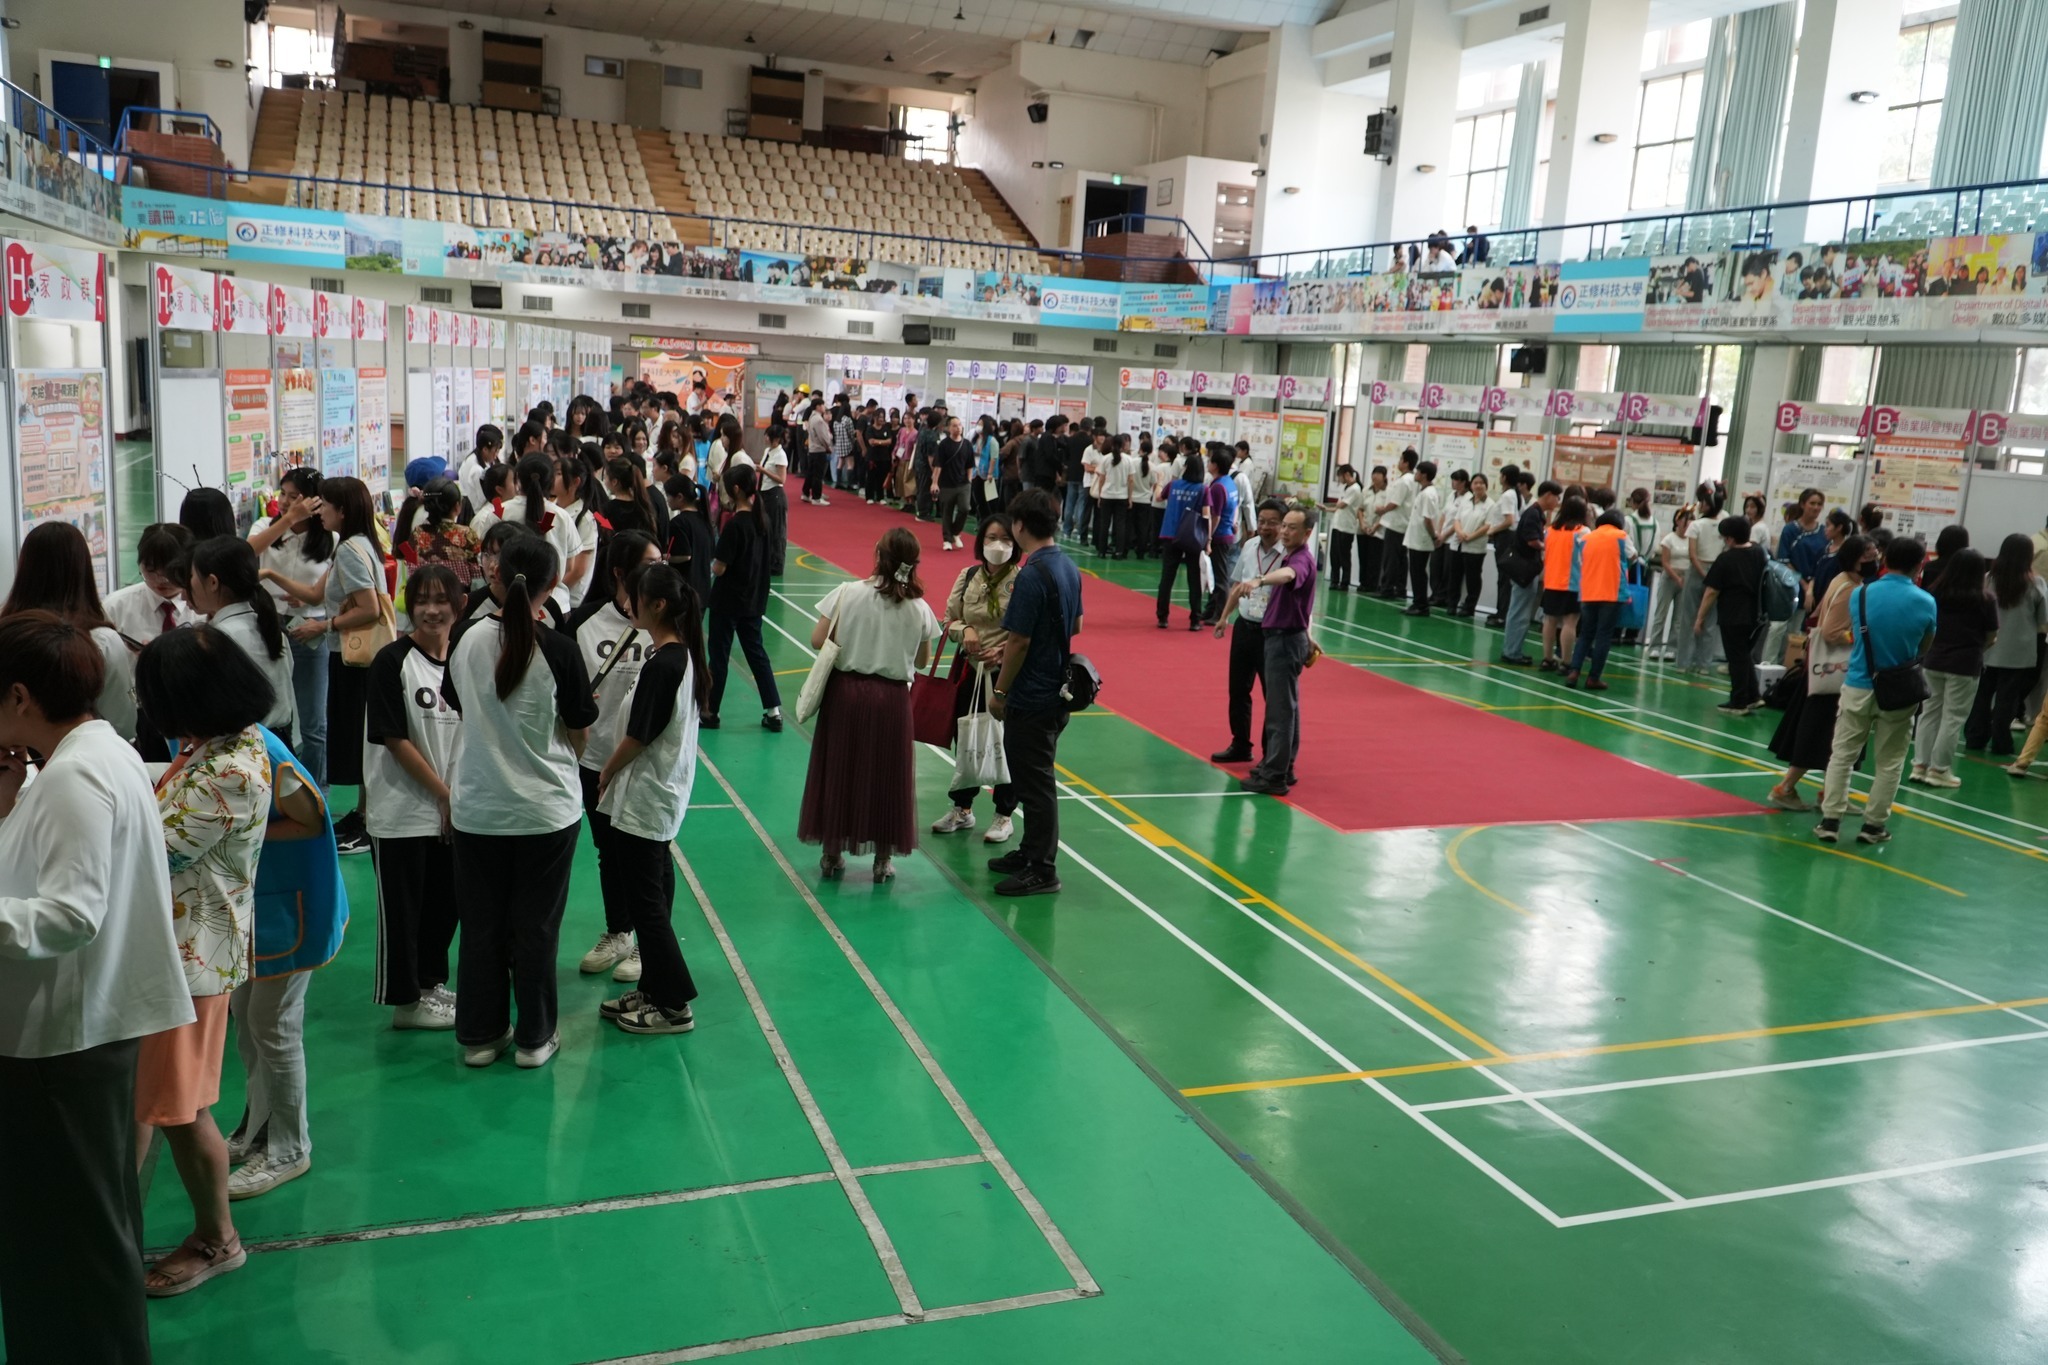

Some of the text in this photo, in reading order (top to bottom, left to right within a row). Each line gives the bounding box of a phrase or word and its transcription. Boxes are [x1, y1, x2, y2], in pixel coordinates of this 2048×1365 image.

[261, 223, 341, 241] 正修科技大學
[10, 256, 103, 315] H 家政群 7
[1579, 282, 1643, 298] 正修科技大學
[158, 278, 169, 315] H
[223, 288, 232, 321] H
[1061, 293, 1118, 308] 正修科技大學
[1954, 299, 2002, 311] Department
[2014, 298, 2042, 311] Digital
[1952, 311, 2048, 326] Design 數位多媒
[1373, 385, 1383, 400] R
[1430, 388, 1439, 405] R
[1490, 392, 1502, 409] R
[1558, 396, 1569, 412] R
[1631, 399, 1643, 417] R
[1781, 407, 1795, 427] B
[1876, 412, 1892, 433] B
[1899, 418, 1965, 434] 商業與管理群
[1982, 418, 1998, 440] B
------------------------------
**EXERCISE GOAL**
Repeat the records above exactly, leaving out the pictures.

**ANSWER SECTION**
Some of the text in this photo, in reading order (top to bottom, left to right within a row). Each line gives the bounding box of a phrase or word and its transcription. Boxes are [x1, y1, x2, y2], in pixel coordinates of this 2048×1365 image.

[261, 223, 341, 241] 正修科技大學
[10, 256, 103, 315] H 家政群 7
[1579, 282, 1643, 298] 正修科技大學
[158, 278, 169, 315] H
[223, 288, 232, 321] H
[1061, 293, 1118, 308] 正修科技大學
[1954, 299, 2002, 311] Department
[2014, 298, 2042, 311] Digital
[1952, 311, 2048, 326] Design 數位多媒
[1373, 385, 1383, 400] R
[1430, 388, 1439, 405] R
[1490, 392, 1502, 409] R
[1558, 396, 1569, 412] R
[1631, 399, 1643, 417] R
[1781, 407, 1795, 427] B
[1876, 412, 1892, 433] B
[1899, 418, 1965, 434] 商業與管理群
[1982, 418, 1998, 440] B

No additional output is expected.